「日本は核を持つべきだ」
ーエマニュエル・トッドー
周知の通り、彼は歴史人口学を専門とする学者である。彼は、「ロシア侵攻後の世界初のインタビュー」(2022 4/8 文春オンライン)の中で、自分の見解を公にするのは初めてで、自国フランスでは、取材をすべて断っていると言う。そうであろう、この程度のレベルの内容では、フランスでは発表できまい。日本だからできることでもある。
彼が言うには、世界的な危機に際して、行動が「予測可能な国」と「予測不可能な国」があるという。ロシアは予測可能な国で、その行動は「合理的」で「暴力的」、一方、ウクライナは軍事的や人口規模から見て、「非合理的」で「無謀な試み」だと言わざるを得ないと言う。まずこれだけの言説の中で概念規定が不明な言葉がいくつかある。さらに、「予測可能な国」と「予測不可能な国」が相対し、交戦すれば、当然その全体の動きは予測不可能ともなる。そして、予測不可能で「大きなリスク」があるのが米国で、プーチン中心とするをロシアと対照的に中枢がないから、ポトフ(ごった煮)のようだとも言う。

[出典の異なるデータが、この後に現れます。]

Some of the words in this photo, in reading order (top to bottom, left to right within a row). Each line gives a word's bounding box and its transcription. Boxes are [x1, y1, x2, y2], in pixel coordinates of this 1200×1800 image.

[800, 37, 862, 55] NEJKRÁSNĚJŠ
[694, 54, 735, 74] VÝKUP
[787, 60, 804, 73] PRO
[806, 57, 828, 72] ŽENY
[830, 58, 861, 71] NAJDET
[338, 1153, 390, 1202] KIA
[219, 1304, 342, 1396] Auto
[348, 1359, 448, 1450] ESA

ここまでくると、やはり、彼自身の立ち位置を確認したくもなる。民主主義とは?全体主義とは?そもそも民主主義とは、人間の限界を見極め、暴走しないようにするための歯止めのようなシステムで、決してベストではあり得ないことを重々承知の上での、間断なき永続改革を必須とするというのが民主主義的世界観で、言わばポトフのような一面も持っているとはいえる。少なくとも一枚の大きなステーキではない。とはいえ、彼には説得力のある根幹部分から発する哲理がないことが最大の問題なのである。比較検証から必然的に導きだされるような類推程度のことなら可能であろうが、それ以上ではあり得ない。

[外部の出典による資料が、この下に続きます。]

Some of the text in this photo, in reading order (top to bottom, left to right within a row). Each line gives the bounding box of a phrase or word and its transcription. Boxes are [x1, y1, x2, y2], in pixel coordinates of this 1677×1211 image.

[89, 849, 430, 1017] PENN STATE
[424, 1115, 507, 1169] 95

「核保有は、攻撃的なナショナリズムの表明でもなく、パワーゲームの中での力の誇示でもありません。むしろ、パワーゲームの埒外にみずからを置くことを可能にするものです。『同盟』から抜け出し真の『自立』を得るための手段なのです」。これは「日本は核を持つべきだ」という主張の説明でもあるが、核拡散の奨励のようなものである。ウクライナ侵攻を機に日本では「核シェアリング」などというセコイ言葉まで登場させて何とか整合性を保とうとしているが、それはまったく「ナンセンス」で原理的に不可能ということも自明の理であろう。要するに、核を持つしかないというところに持って行きたいがための前段階の緩衝装置のような極めて軽薄な造語なのである。
トッドは、2010年日本経済新聞のインタビューで、「・・・中国をけん制するには、地政学的に見てロシアとの関係強化が有効なのです」と言っている。しかし、その後の見るも無残な経緯は敢えて言う必要もあるまい。